Dhaka: For nearly a week after the Al Ain crash, relatives and neighbours did not let her know her two sons had lost their lives in a fatal road accident in the UAE fearing because she might not be able to bear the news as she suffers from high blood pressure.

“But eventually we had to disclose to her the bad news as their bodies were set to arrive home [on Sunday],” said a neighbour of elderly Hasina Begum, who until Sunday dreamt her two sons would be reunited with her along with their expatriate father in Abu Dhabi next year.

Begum just wailed, castigating her fate while relatives and women from neighbouring households tried to console her for the death of her two sons, he both in their early 20s.

The bodies of the two brothers are set to return home later on Sunday as the first group of eight bodies would be flown to the southeastern port city of Chittagong.

Less than two weeks ago, Masood Rana, 22, was excited to join his elder brother’s company in Al Ain and work with him. It would be like a family reunion as their father, Mohammad Idris, in his late 50s, also works in Abu Dhabi.

Relatives at Uttar Sarta village in southeastern Chittagong said the two brothers and their father had plans to reunite with their mother next year while the family also purchased a piece of land to build a house.

The Al Ain crash ruined their dream sas the bodies of the two brothers returned home today when a Biman Bangladesh Airlines aircraft also carried home the bodies of six others from southeastern Bangladesh.

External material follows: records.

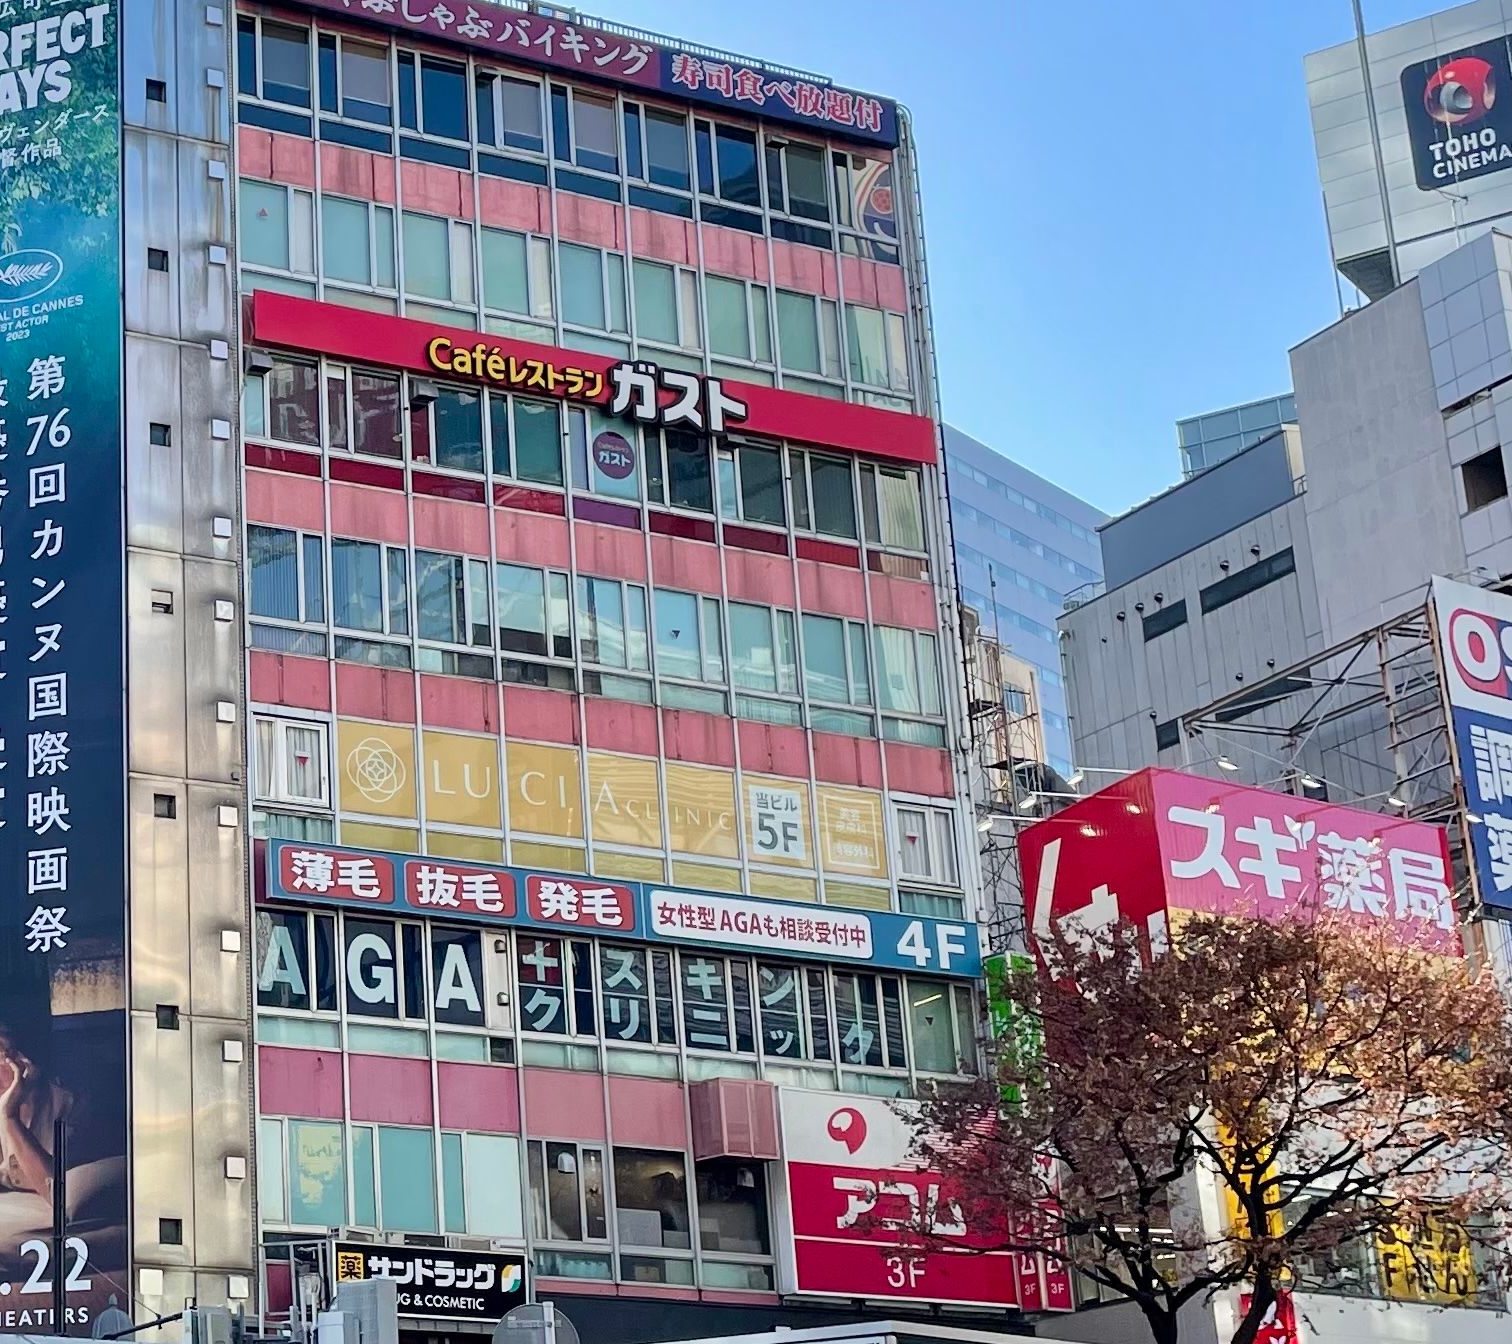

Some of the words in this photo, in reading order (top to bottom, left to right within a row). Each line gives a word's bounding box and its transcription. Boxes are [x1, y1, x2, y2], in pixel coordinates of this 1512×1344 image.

[671, 53, 884, 132] 寿司食べ放題付
[1429, 127, 1497, 162] TOHO
[13, 305, 29, 319] DE
[32, 294, 84, 315] CANNES
[14, 314, 49, 330] ACTOR
[5, 328, 31, 342] 2023
[612, 363, 747, 432] ガスト
[597, 450, 632, 467] ガスト
[25, 355, 72, 954] 第76回カンヌ国際映画祭
[433, 759, 620, 816] LUCIA
[625, 798, 733, 831] CLINIC
[755, 791, 798, 813] 当ビル
[757, 813, 800, 853] 5F
[1168, 805, 1458, 932] スギ薬局
[291, 851, 381, 898] 薄毛
[416, 865, 505, 913] 抜毛
[538, 880, 624, 926] 発毛
[896, 919, 967, 971] 4F
[258, 925, 482, 1013] AGA
[367, 1255, 497, 1290] サンドラッグ
[887, 1257, 926, 1288] 3F
[1024, 1284, 1037, 1296] 3F
[1050, 1283, 1065, 1295] 3F
[413, 1293, 424, 1306] &
[424, 1293, 485, 1312] COSMETIC

Nineteen Bangladeshis died in the terrible road crash. The two brothers were in the ill-fated bus as both were travelling to the worksite of a maintenance and contracting company which has a camp in the area.

Idris had secured employment for his younger son in the same company where his older son works as a site supervisor thinking the two brothers would live and work together and the three of them could earn a handsome amount and start a better life once they returned home.

Bangladesh newspapers earlier reported similar tragic tales of families of the other victims with most of them selling ancestral property. to cover the cost of going abroad.

Another victim of the crash was 45-year old Shahjahan Mollah, who preferred an overseas job despite his age. He took a loan of 300,000 takas (Dh13,776) from a private money lender at a high interest rate.

“The household job did not suit him . . . he was trying to return home but his employer was unwilling to relieve Shahjahan,” a fellow expatriate worker from same village in south-western Faridpur told mass circulation Prothom Alo newspaper as he returned home days ago on temporary leave.

The Janakantha newspaper reported he could pay back only one third of the amount he had borrowed.

Bangladesh’s Expatriate Welfare Ministry officials said each family of the Bangladeshi workers killed in the crash in Abu Dhabi would get Dh200,000 from the UAE authorities while the government in their home country would pay them another 235,000 takas.

“We expect the victims’ families would receive the compensations [from the UAE] in six months to one year on completion of all legal formalities,” expatriate welfare minister Khondker Mosharraf Hossain told newsmen earlier this week.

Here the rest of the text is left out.